▶ What needs to be done: Copy exactly the line containing "this 1280×1707 image." and all lines after it, through the last line of the material below; omit everything before it.

▶ Data to examine:
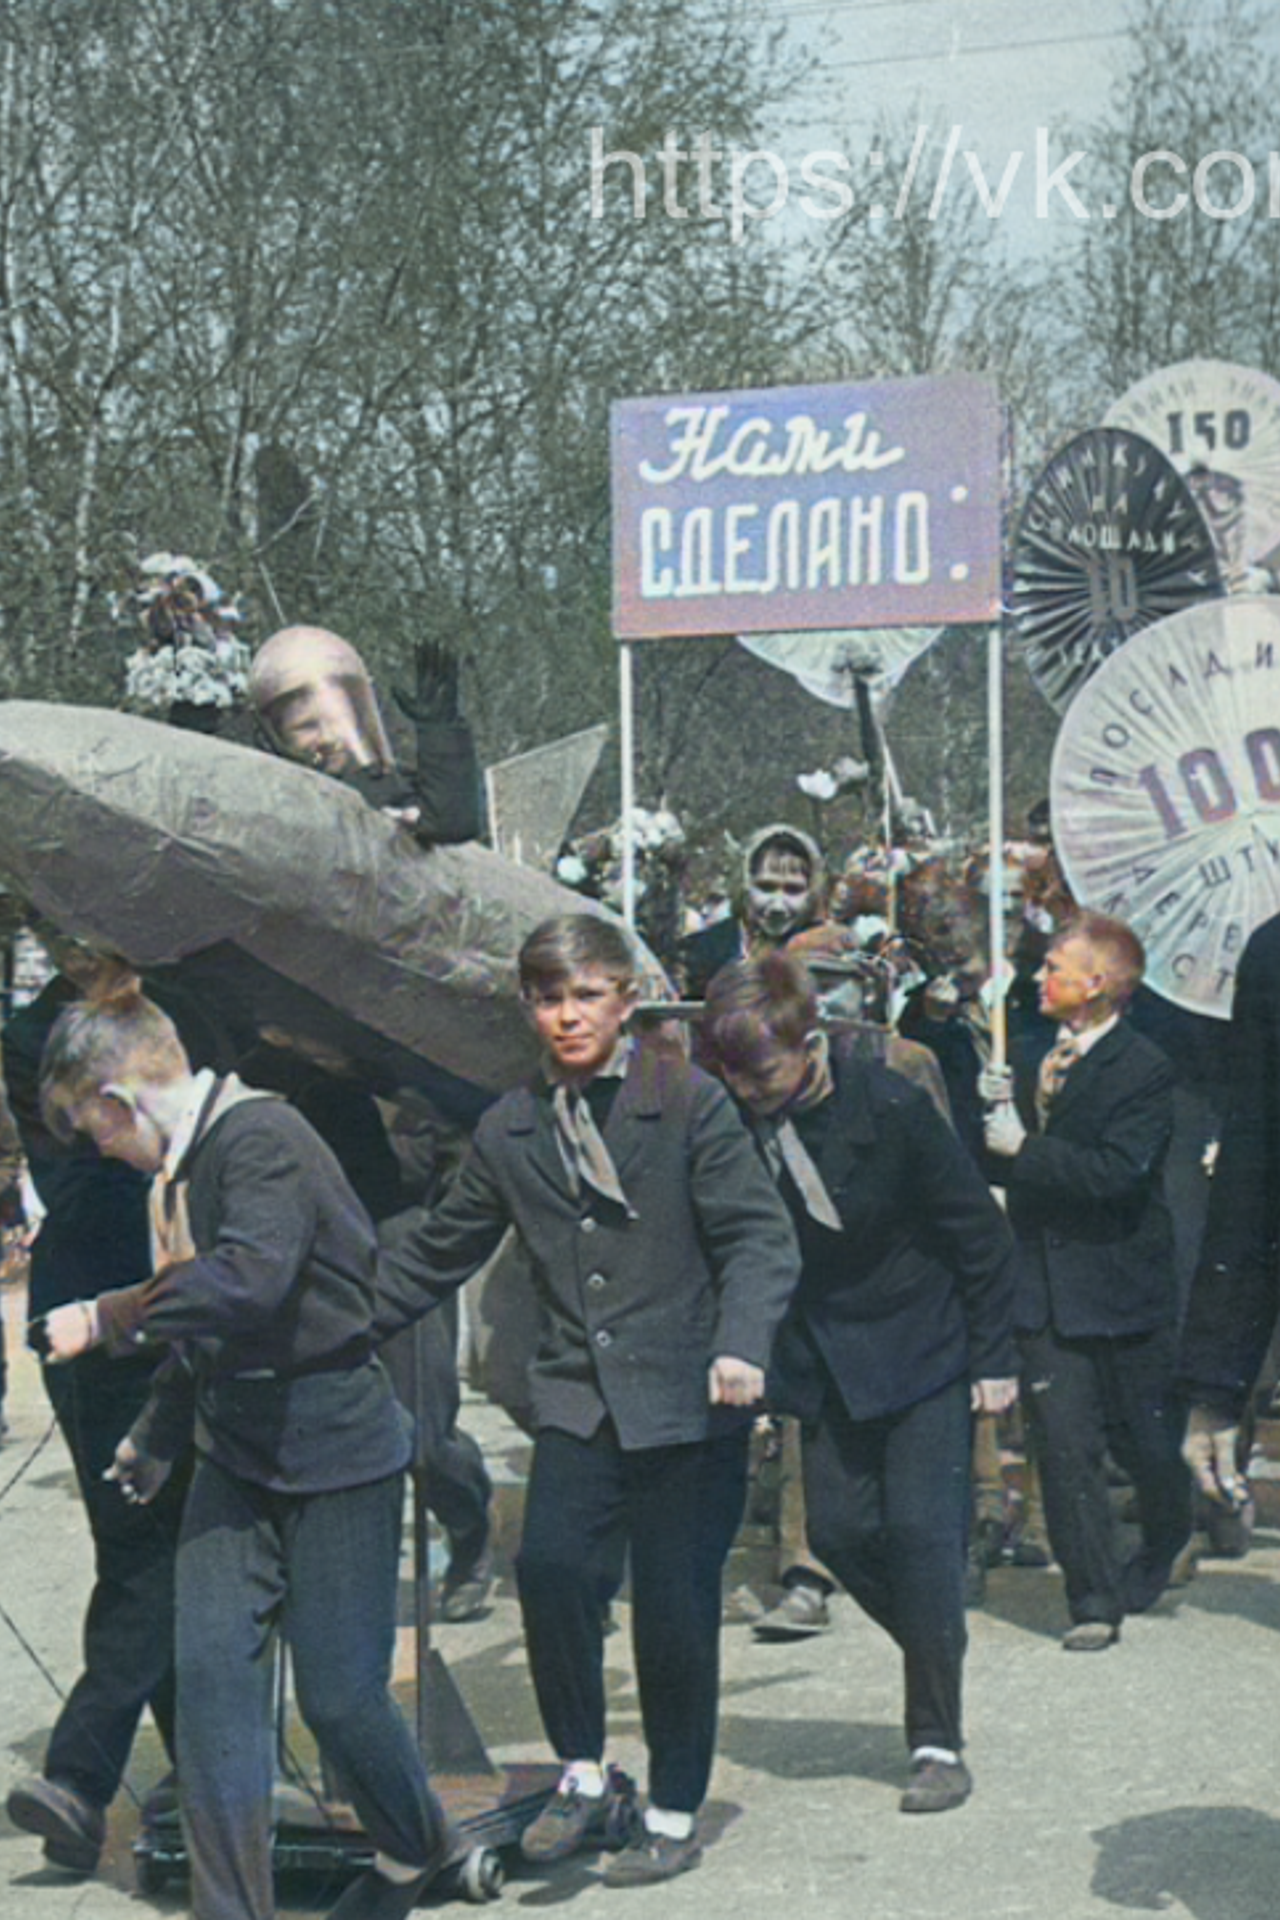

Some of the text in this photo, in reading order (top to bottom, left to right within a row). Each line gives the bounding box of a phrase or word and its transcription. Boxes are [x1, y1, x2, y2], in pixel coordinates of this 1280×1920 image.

[639, 404, 905, 483] Нами
[1166, 408, 1251, 454] 150
[1089, 641, 1273, 788] ПОСАДИ
[1138, 725, 1280, 841] 100
[1199, 838, 1280, 888] ШТУ
[1131, 863, 1242, 954] ДЕРЕ
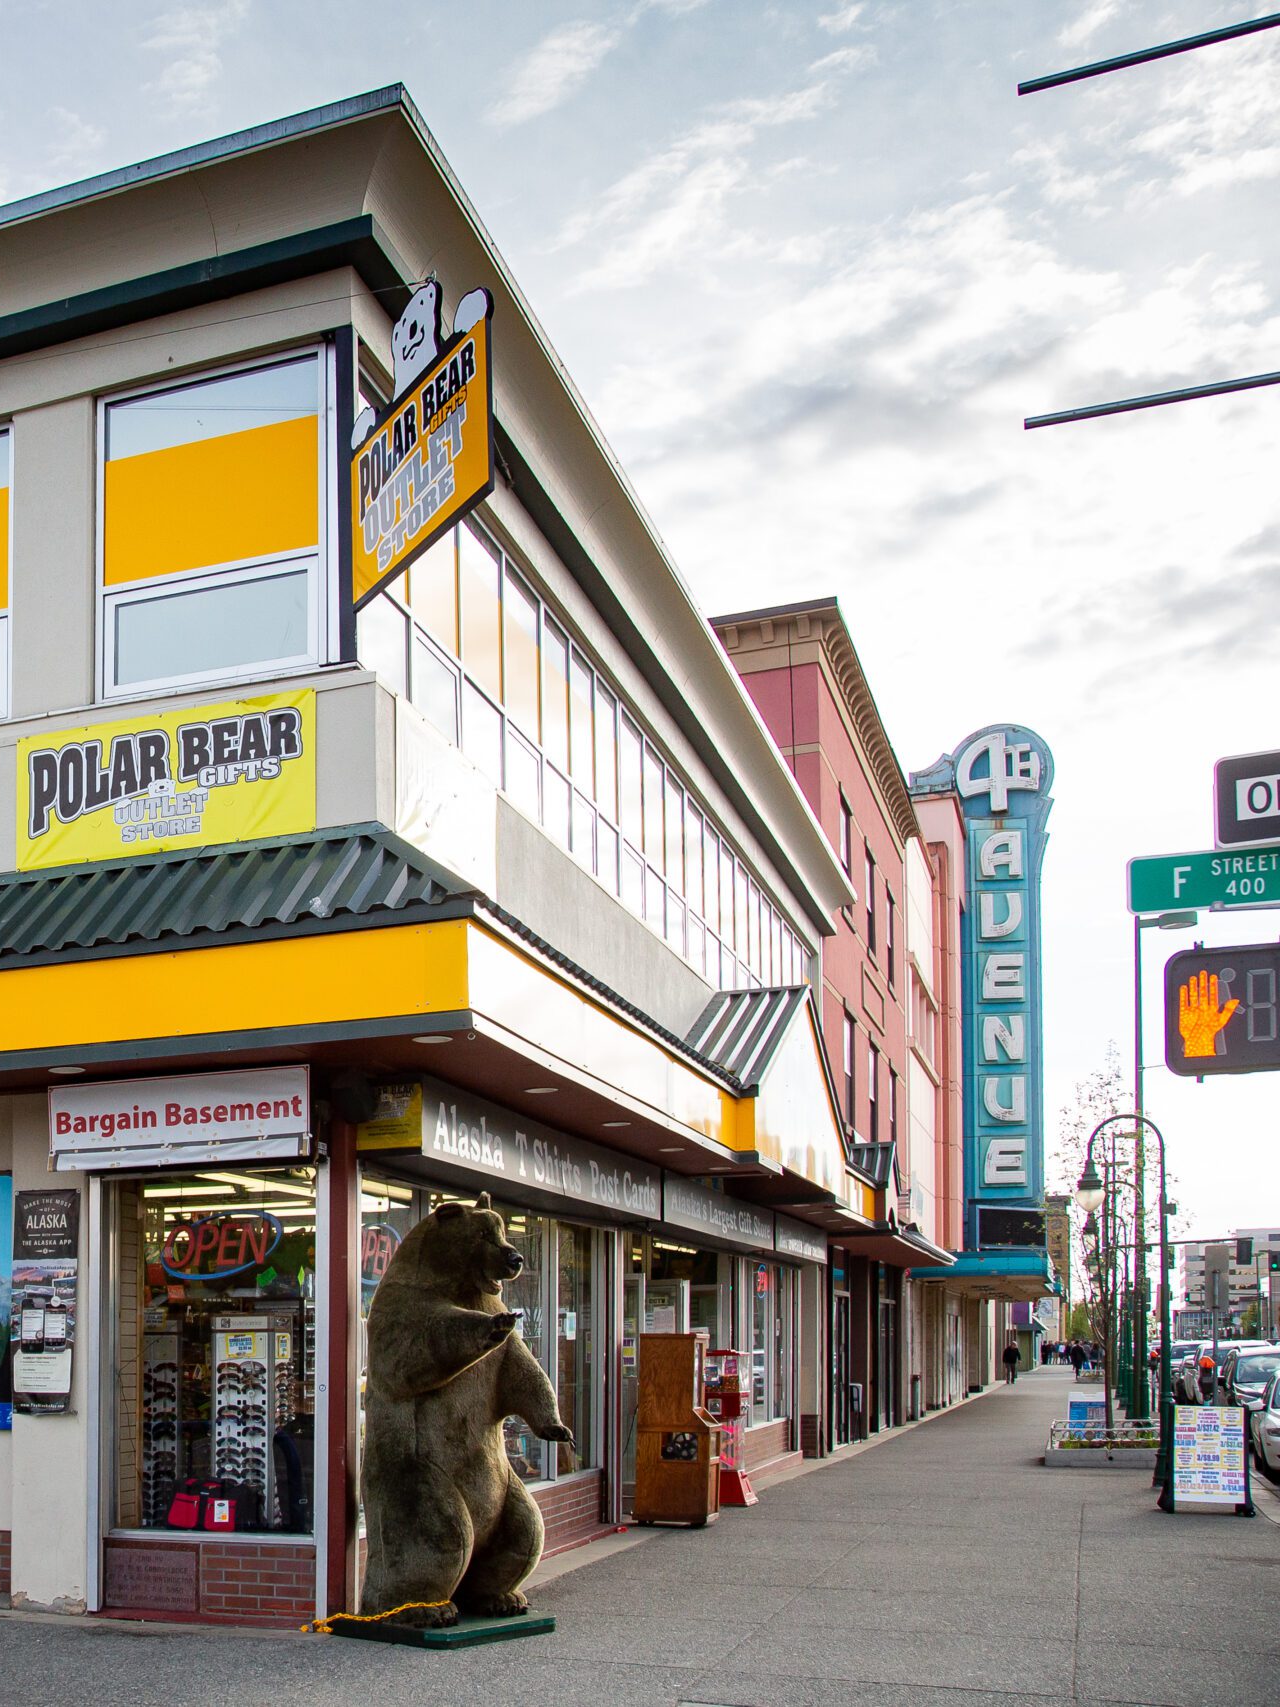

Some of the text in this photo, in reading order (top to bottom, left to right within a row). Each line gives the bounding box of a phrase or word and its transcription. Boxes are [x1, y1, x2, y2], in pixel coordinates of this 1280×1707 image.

[359, 338, 475, 526] POLAR BEAR
[429, 385, 467, 435] GIFTS
[363, 404, 467, 554] OUTLET
[377, 463, 456, 573] STORE
[28, 707, 302, 839] POLAR BEAR
[198, 756, 280, 788] GIFTS
[114, 788, 208, 824] OUTLET
[1247, 779, 1280, 815] O
[121, 816, 201, 842] STORE
[1173, 854, 1279, 898] F STREET
[1225, 877, 1266, 897] 400
[979, 831, 1024, 1185] AVENUE
[55, 1095, 302, 1138] Bargain Basement
[433, 1101, 505, 1171] Alaska
[515, 1130, 528, 1177] T
[533, 1139, 582, 1194] Shirts
[589, 1160, 620, 1204] Post
[623, 1171, 656, 1212] Cards
[23, 1200, 40, 1210] MAKE
[55, 1198, 72, 1208] MOST
[26, 1213, 67, 1229] ALASKA
[671, 1188, 771, 1239] Alaska's Largest Gift Store
[164, 1222, 269, 1269] OPEN
[362, 1228, 399, 1275] PEN

▶ Answer area:
Some of the text in this photo, in reading order (top to bottom, left to right within a row). Each line gives the bounding box of a phrase or word and its transcription. Boxes are [x1, y1, x2, y2], in pixel coordinates of this 1280×1707 image.

[359, 338, 475, 526] POLAR BEAR
[429, 385, 467, 435] GIFTS
[363, 404, 467, 554] OUTLET
[377, 463, 456, 573] STORE
[28, 707, 302, 839] POLAR BEAR
[198, 756, 280, 788] GIFTS
[114, 788, 208, 824] OUTLET
[1247, 779, 1280, 815] O
[121, 816, 201, 842] STORE
[1173, 854, 1279, 898] F STREET
[1225, 877, 1266, 897] 400
[979, 831, 1024, 1185] AVENUE
[55, 1095, 302, 1138] Bargain Basement
[433, 1101, 505, 1171] Alaska
[515, 1130, 528, 1177] T
[533, 1139, 582, 1194] Shirts
[589, 1160, 620, 1204] Post
[623, 1171, 656, 1212] Cards
[23, 1200, 40, 1210] MAKE
[55, 1198, 72, 1208] MOST
[26, 1213, 67, 1229] ALASKA
[671, 1188, 771, 1239] Alaska's Largest Gift Store
[164, 1222, 269, 1269] OPEN
[362, 1228, 399, 1275] PEN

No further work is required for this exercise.